PROVIDED ENTRIES: Begin

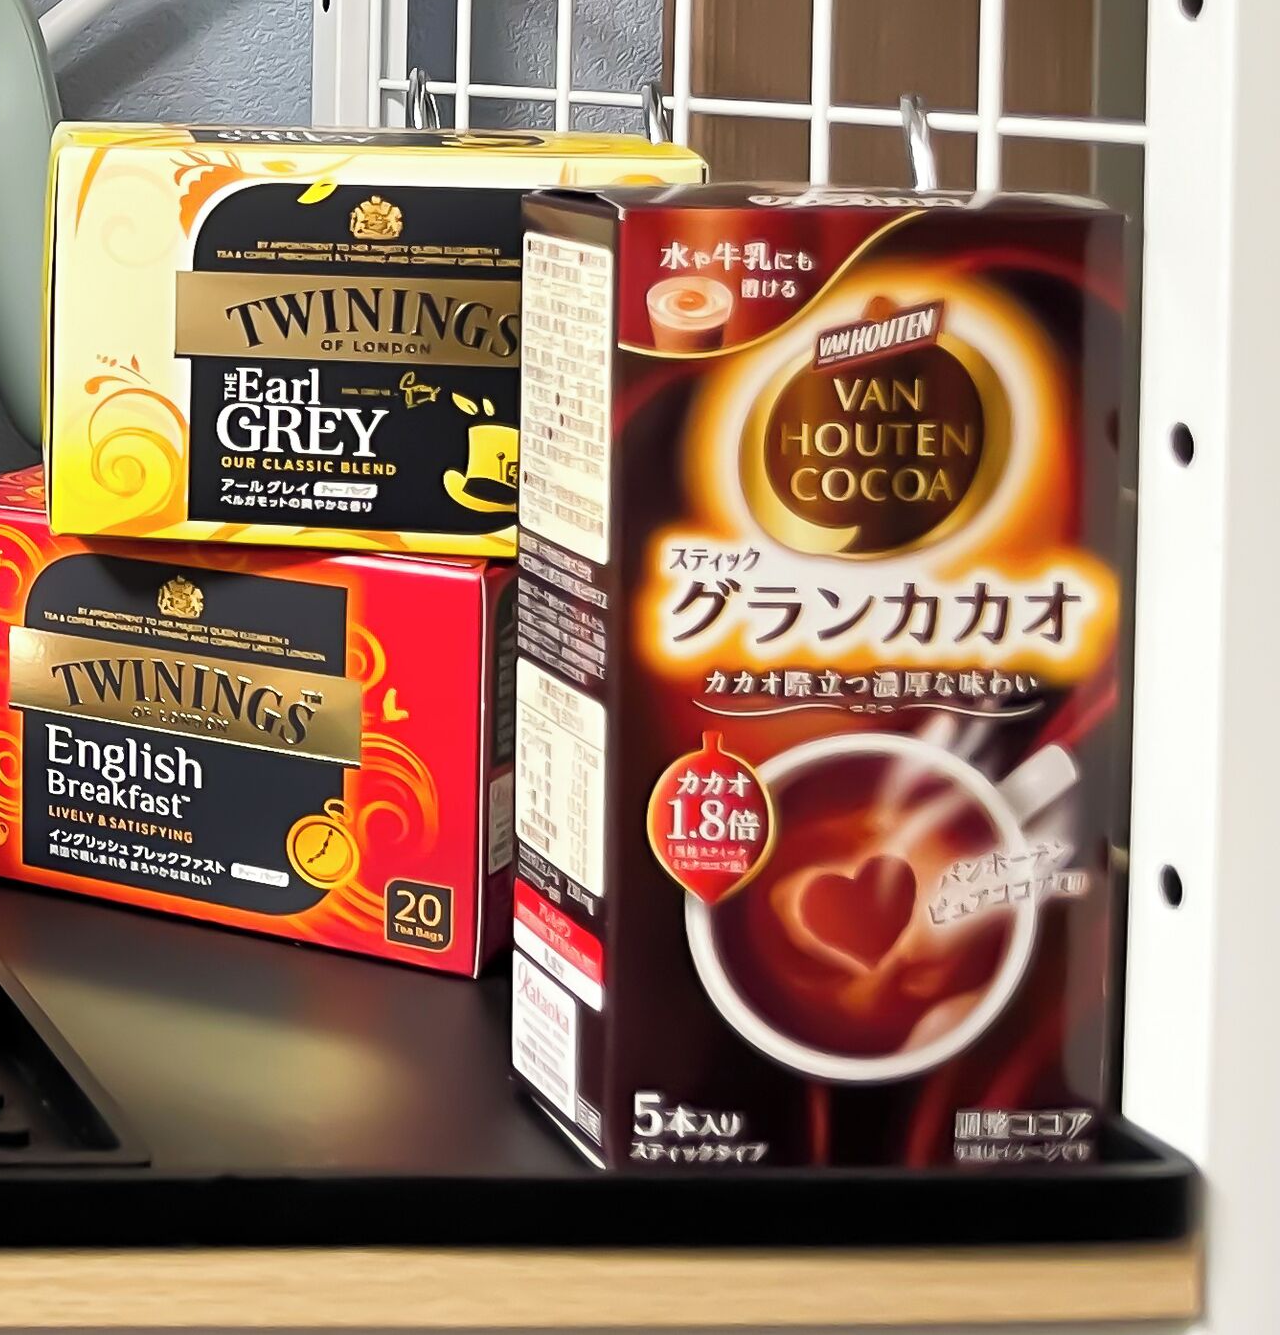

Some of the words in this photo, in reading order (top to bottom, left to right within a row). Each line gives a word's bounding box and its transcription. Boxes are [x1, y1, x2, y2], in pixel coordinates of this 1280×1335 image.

[659, 241, 814, 271] 水や牛乳にも
[225, 287, 522, 358] TWININGS
[819, 330, 851, 358] VAN
[848, 307, 936, 356] HOUTEN
[320, 339, 343, 353] OF
[353, 340, 432, 357] LONDON
[223, 372, 238, 400] THE
[236, 367, 322, 406] Earl
[832, 377, 923, 413] VAN
[216, 402, 390, 458] GREY
[779, 421, 972, 458] HOUTEN
[221, 456, 256, 470] OUR
[262, 458, 334, 473] CLASSIC
[340, 461, 398, 477] BLEND
[790, 466, 954, 503] COCOA
[669, 547, 761, 573] スティック
[671, 576, 1083, 646] グランカカオ
[51, 657, 317, 745] TWININGS
[45, 723, 203, 789] English
[676, 768, 751, 797] カカオ
[48, 804, 94, 825] LIVELY
[98, 814, 107, 827] &
[109, 816, 194, 844] SATISFYING
[666, 798, 761, 842] 1.8倍
[394, 890, 442, 927] 20
[393, 922, 414, 936] Tea
[415, 926, 444, 943] Bags
[633, 1091, 741, 1138] 5本入り

PROVIDED ENTRIES: End

* [ASSIGNED TASK]
Write out the whole listing exactly, and drop the pictures.

* [RESPONSE AREA]
Some of the words in this photo, in reading order (top to bottom, left to right within a row). Each line gives a word's bounding box and its transcription. Boxes are [x1, y1, x2, y2], in pixel coordinates of this 1280×1335 image.

[659, 241, 814, 271] 水や牛乳にも
[225, 287, 522, 358] TWININGS
[819, 330, 851, 358] VAN
[848, 307, 936, 356] HOUTEN
[320, 339, 343, 353] OF
[353, 340, 432, 357] LONDON
[223, 372, 238, 400] THE
[236, 367, 322, 406] Earl
[832, 377, 923, 413] VAN
[216, 402, 390, 458] GREY
[779, 421, 972, 458] HOUTEN
[221, 456, 256, 470] OUR
[262, 458, 334, 473] CLASSIC
[340, 461, 398, 477] BLEND
[790, 466, 954, 503] COCOA
[669, 547, 761, 573] スティック
[671, 576, 1083, 646] グランカカオ
[51, 657, 317, 745] TWININGS
[45, 723, 203, 789] English
[676, 768, 751, 797] カカオ
[48, 804, 94, 825] LIVELY
[98, 814, 107, 827] &
[109, 816, 194, 844] SATISFYING
[666, 798, 761, 842] 1.8倍
[394, 890, 442, 927] 20
[393, 922, 414, 936] Tea
[415, 926, 444, 943] Bags
[633, 1091, 741, 1138] 5本入り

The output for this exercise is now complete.